# Need Help



## tommymole (Dec 30, 2010)

i have a 65 gallon tank, i drilled it and plumbed it, 20 gallon sump, about 32 pounds of live rock and 60 pounds of sand. about 3 weeks ago my dad was playing with the plumbing and got abs cement in the water, and it killed all of my fish. the hermit crabs lived.so what i did was basically started over again, i did a fresh water dip with the rock, rinsed the sand , rinsed all the media, and started over with all fresh water, within a week i had a brown algae bloom, and a week after that the green started growing. although i havent tested my water , i figured it should be ok since there is algae growth, anyways i bought a banded cat shark on friday, and saturday morning it was dead, i am so down about this , loosing all my fish, and now killing a shark, is it possible there is still chemicals in the tank even though i cleaned everything and started fresh? maybe it was a mistake not to test the water, but from expericne it should havebeen fine, i use a ph buffer as well so i know the ph is fine. and when i did the sump from a brand new 20 gallon tank, i used GE 100% silicone window and door. any advice?


----------



## Thomso (Jan 7, 2011)

Hi, sorry to hear about the wipeout ! I would suggest testing the water for nitrite and ammonia now as it is over a week ago you posted.
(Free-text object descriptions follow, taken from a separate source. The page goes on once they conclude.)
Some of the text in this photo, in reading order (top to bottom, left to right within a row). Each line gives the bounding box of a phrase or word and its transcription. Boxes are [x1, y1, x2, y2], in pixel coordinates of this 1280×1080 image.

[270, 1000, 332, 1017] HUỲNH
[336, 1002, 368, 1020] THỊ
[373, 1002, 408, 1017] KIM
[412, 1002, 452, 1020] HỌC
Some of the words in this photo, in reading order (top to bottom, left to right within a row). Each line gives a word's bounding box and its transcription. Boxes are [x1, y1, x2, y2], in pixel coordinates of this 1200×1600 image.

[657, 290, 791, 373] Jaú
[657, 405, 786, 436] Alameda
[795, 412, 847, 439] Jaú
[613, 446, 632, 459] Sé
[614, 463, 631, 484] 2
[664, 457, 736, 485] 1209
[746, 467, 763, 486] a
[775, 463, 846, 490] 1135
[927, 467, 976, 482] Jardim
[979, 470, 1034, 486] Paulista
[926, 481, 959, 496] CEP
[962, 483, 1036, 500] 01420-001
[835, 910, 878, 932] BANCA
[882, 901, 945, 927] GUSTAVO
Dipping the live rock in freshwater can cause die back of the organisms in the rock which as you know will lead to an ammonia spike. I have no idea what to test for when it comes to cement residue, but if you have been thorough in cleaning everything then this polutant should be absolutely minimal. If nitrite and ammonia levels are zero then discuss the problem you have had with the aquatic store and maybe get them to test as sample of the tank water before purchasing a more hardy fish or two, such as damsels. Hope all goes well........let me know with a reply on here !!!!


----------



## tommymole (Dec 30, 2010)

Well I took my water sample down on Monday. No levels of anything. I bought 6 chromis and they are very healthy. I think maybe it was the shark itself . However I bought ammonia and nitrite test kits and I have been testing everyday. So far levels are still 0. Thanks for the reply. I'm going to take a water sample to a different store tommorow and have a more thorough test done. Hopefully it will be good news.
_Posted via Mobile Device_


----------



## Thomso (Jan 7, 2011)

Fingers crossed !!! hope all is good.... let me know


----------